## Your instructions
Make a verbatim copy of the entries below; pictures stay out.

Top of Supplied records

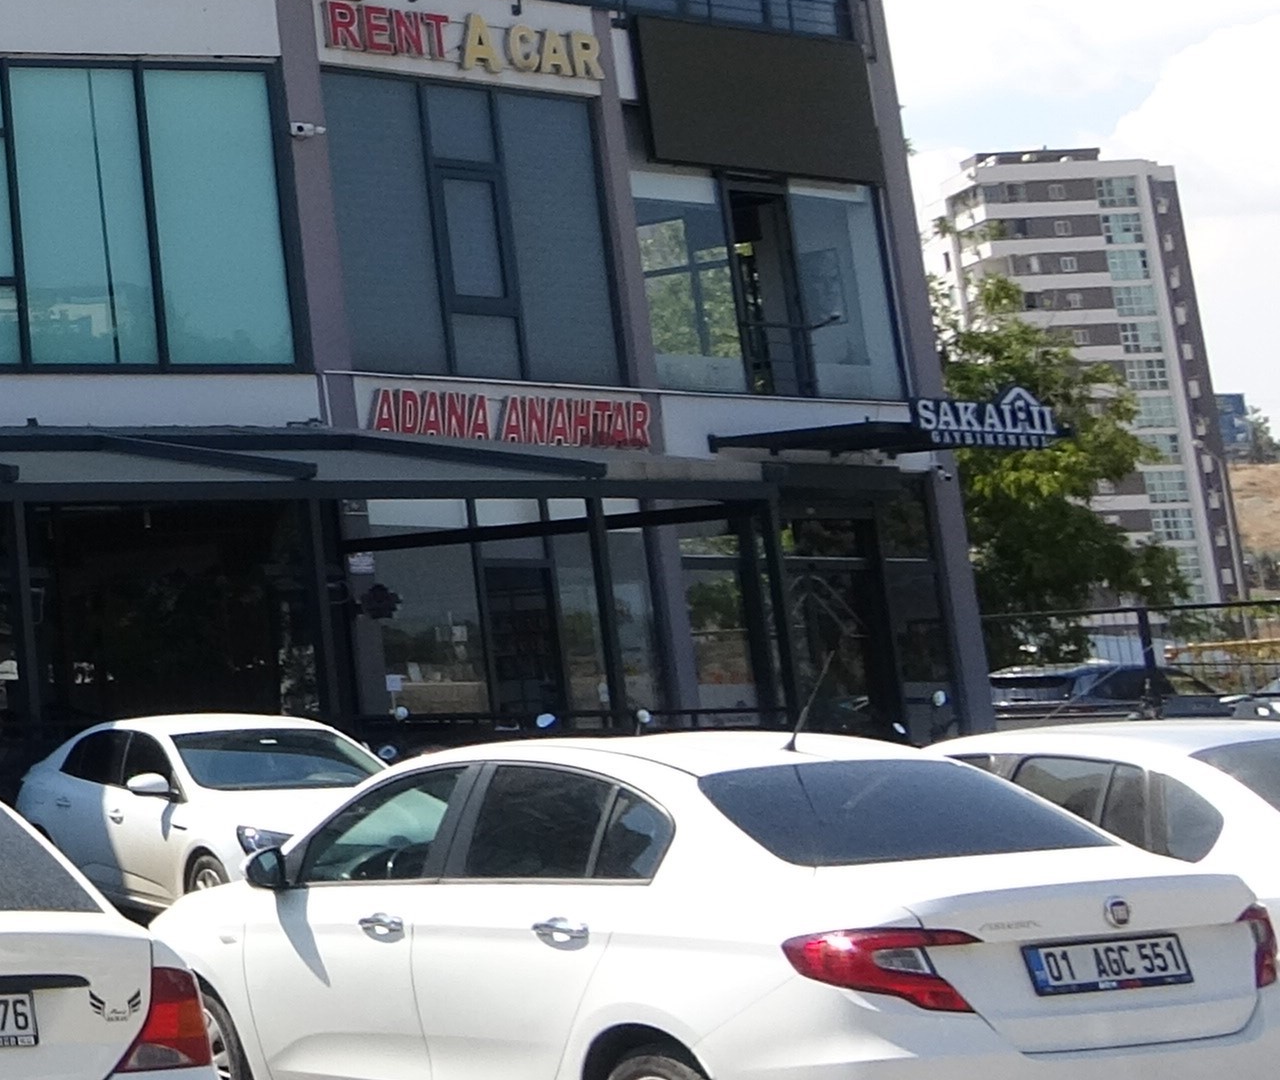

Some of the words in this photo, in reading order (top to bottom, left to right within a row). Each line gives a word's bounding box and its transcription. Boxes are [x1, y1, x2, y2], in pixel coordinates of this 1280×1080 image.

[327, 0, 449, 59] RENT
[462, 13, 503, 73] A
[509, 24, 605, 80] CAR
[373, 388, 490, 440] ADANA
[502, 395, 651, 448] ANAHTAR
[1045, 950, 1077, 982] 01
[1093, 945, 1135, 978] AGC
[1138, 941, 1181, 972] 551

Bottom of Supplied records

## Answer for this exercise
Some of the words in this photo, in reading order (top to bottom, left to right within a row). Each line gives a word's bounding box and its transcription. Boxes are [x1, y1, x2, y2], in pixel coordinates of this 1280×1080 image.

[327, 0, 449, 59] RENT
[462, 13, 503, 73] A
[509, 24, 605, 80] CAR
[373, 388, 490, 440] ADANA
[502, 395, 651, 448] ANAHTAR
[1045, 950, 1077, 982] 01
[1093, 945, 1135, 978] AGC
[1138, 941, 1181, 972] 551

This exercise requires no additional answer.